Pero el hombre se hundió en la inconsciencia. Lo cargaron al coche de Urich.

—¿El balaur? —preguntó Urich.

—No lo creo —replicó Baros con desdén—. Podría ser que Adrian ya ande cerca... ¡Vaya pregunta!

Urich, herido por la respuesta, intentó entenderla: aún seguía dolida. Aunque Stefan, en Eugéneticas, sí intuía que su peor amenaza lo rondaba. Mandó llamar a Dobre, que llegó con una sonrisa radiante. Al parecer, los engendros cobraban vitalidad: ya se agitaban en los vientres.

El contador marcaba:

PROCESO DE GESTACIÓN / DÍAS: 269 / HORAS: 2 / MINUTOS: 2 / SEGUNDOS: 01/

—Se acelera a cada instante —indicó Dobre.

—Bien —dijo Stefan—. Es hora de preparar la siguiente fase. —Consultó el reloj—. ¿Qué habrá sido de Muma? Debió llegar esta mañana.

—¿Quién? —preguntó Zamfir.

—Muma —repitió—. Contraté un equipo de ayudantes para ayudar en el traslado de mis "hijitos" al taller de cibernética.

—Entiendo.

"¿Florin?", preguntó Stefan por el intercom. "¿Noticias de los ayudantes?"

"Ninguna, señor".

—¡Maldición! —dijo Stefan, girando hacia Dobre—. Llame a seguridad: ellos nos echarán una mano. No hay opción. Apúrese.
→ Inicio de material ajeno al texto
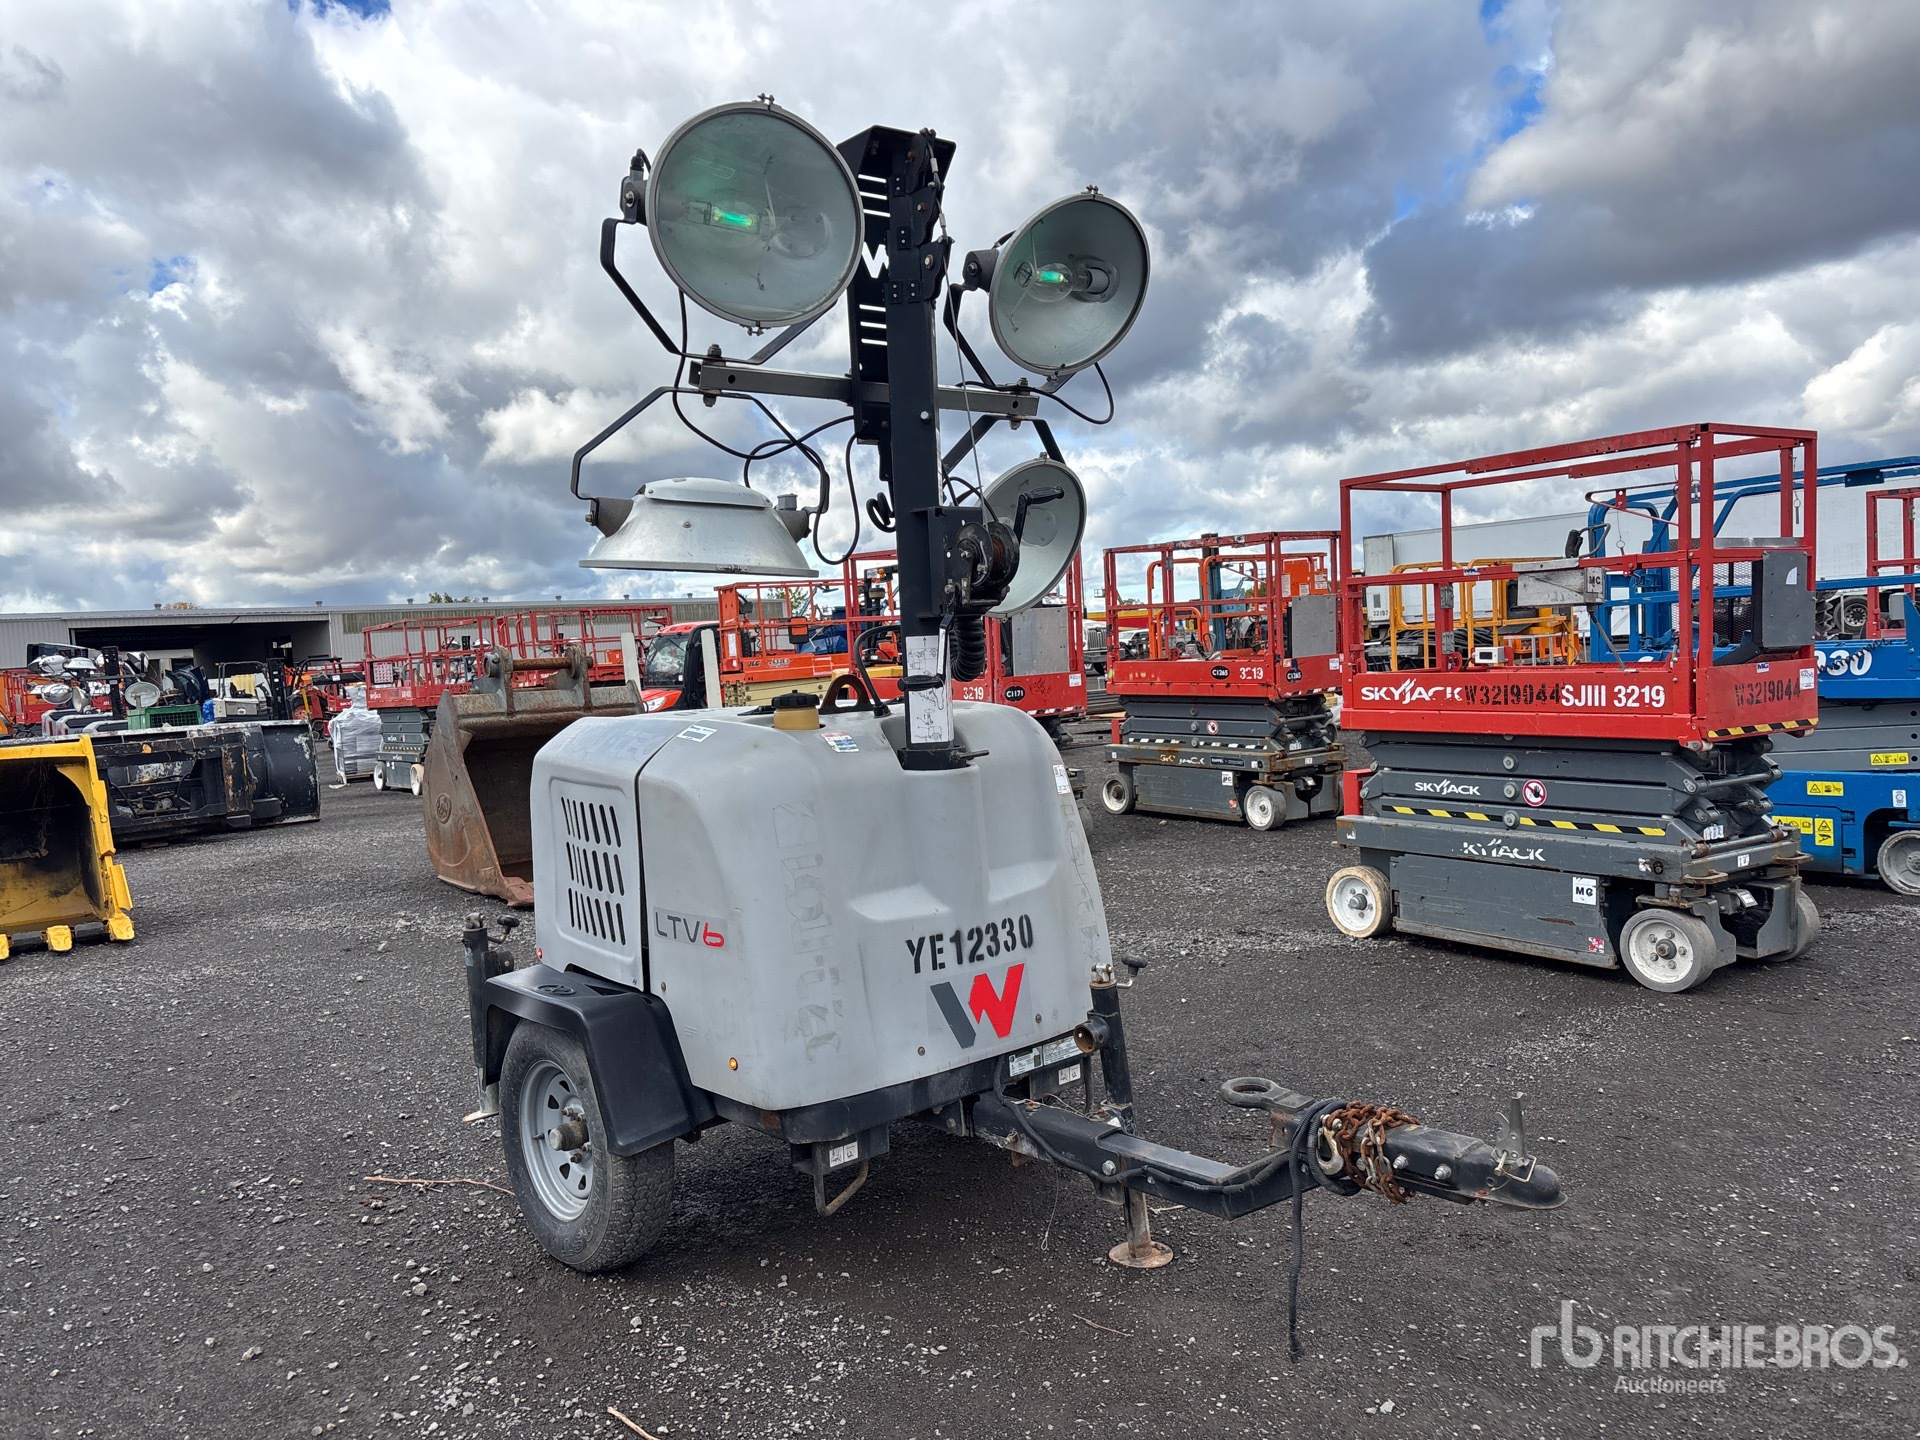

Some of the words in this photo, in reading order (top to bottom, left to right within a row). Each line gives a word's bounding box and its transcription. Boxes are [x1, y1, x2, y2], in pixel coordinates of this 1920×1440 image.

[963, 686, 985, 700] 3219
[1613, 685, 1666, 708] 3219
[1414, 779, 1482, 796] SKYJACK
[905, 914, 1034, 974] YE12330
—Y usted, doctor Zamfir, venga conmigo: iniciamos la siguiente fase, como le dije.

Ya salían de la oficina hacia el taller de cibernética cuando sonó el móvil de Stefan.

"¿Aló?"

"Stefan: soy Belinca".

"Sí, dime. ¿Qué ocurre?"

"Malas noticias".

"Sigue".

"El idiota de Dendiu acaba de poner a Pita, ese lameculos, al frente del PMRU. Derrocaron a Razvan".

"Imposible".

"¿No te enteraste del intento de suicidio de Razvan? Pita alegó demencia y, con un tecnicismo, lo sacó del poder. Ahora dice que lo reemplazará como candidato a la presidencia del PMRU, buscando la reelección. Sabes que, con Adrian en las sombras, será una pelea dura. Además, Pita ya mandó auditores fiscales a tus empresas; me lo dijo Mircea, y hace rato llamó Copos, de Maramures: lo intervinieron esta mañana".

"Maldito. Déjame eso a mí, Belinca. Salgo esta noche hacia Bucarest. Adrian me las pagará todas. No te preocupes".
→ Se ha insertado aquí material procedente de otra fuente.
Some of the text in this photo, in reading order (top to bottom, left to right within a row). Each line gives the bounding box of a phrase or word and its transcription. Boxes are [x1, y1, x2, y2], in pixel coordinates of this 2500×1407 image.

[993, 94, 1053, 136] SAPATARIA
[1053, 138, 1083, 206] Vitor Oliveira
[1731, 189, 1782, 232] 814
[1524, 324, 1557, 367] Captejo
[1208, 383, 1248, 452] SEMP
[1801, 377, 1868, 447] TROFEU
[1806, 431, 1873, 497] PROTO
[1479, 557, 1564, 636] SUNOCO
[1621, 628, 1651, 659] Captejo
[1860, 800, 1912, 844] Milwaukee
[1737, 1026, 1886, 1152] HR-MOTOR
Colgó. Su rostro, agrio y verdoso, mostraba por primera vez los surcos de una vejez retrasada. Había que actuar con celeridad y precisión como nunca.

Virtudes que le faltaban a Dendiu, quien sobrevolaba los Montes Metálicos. Eran tan vastos y monumentales que hallar el laboratorio resultaba un desafío. Enfocó un hilillo de la carretera y se orientó por él. Minutos después, desde las alturas, divisó un amasijo de figuras. Descendió.

"Muertos", murmuró. Examinó los alrededores. "Destrucción masiva. Voy por buen camino".

Alzó vuelo con una elegancia maligna, pensando en la forma que desarrollaría su ataque. Siguió el trazo del camino y pronto avistó las dos colinas que custodiaban el laboratorio. Sonrió para sí y aceleró los motores al máximo.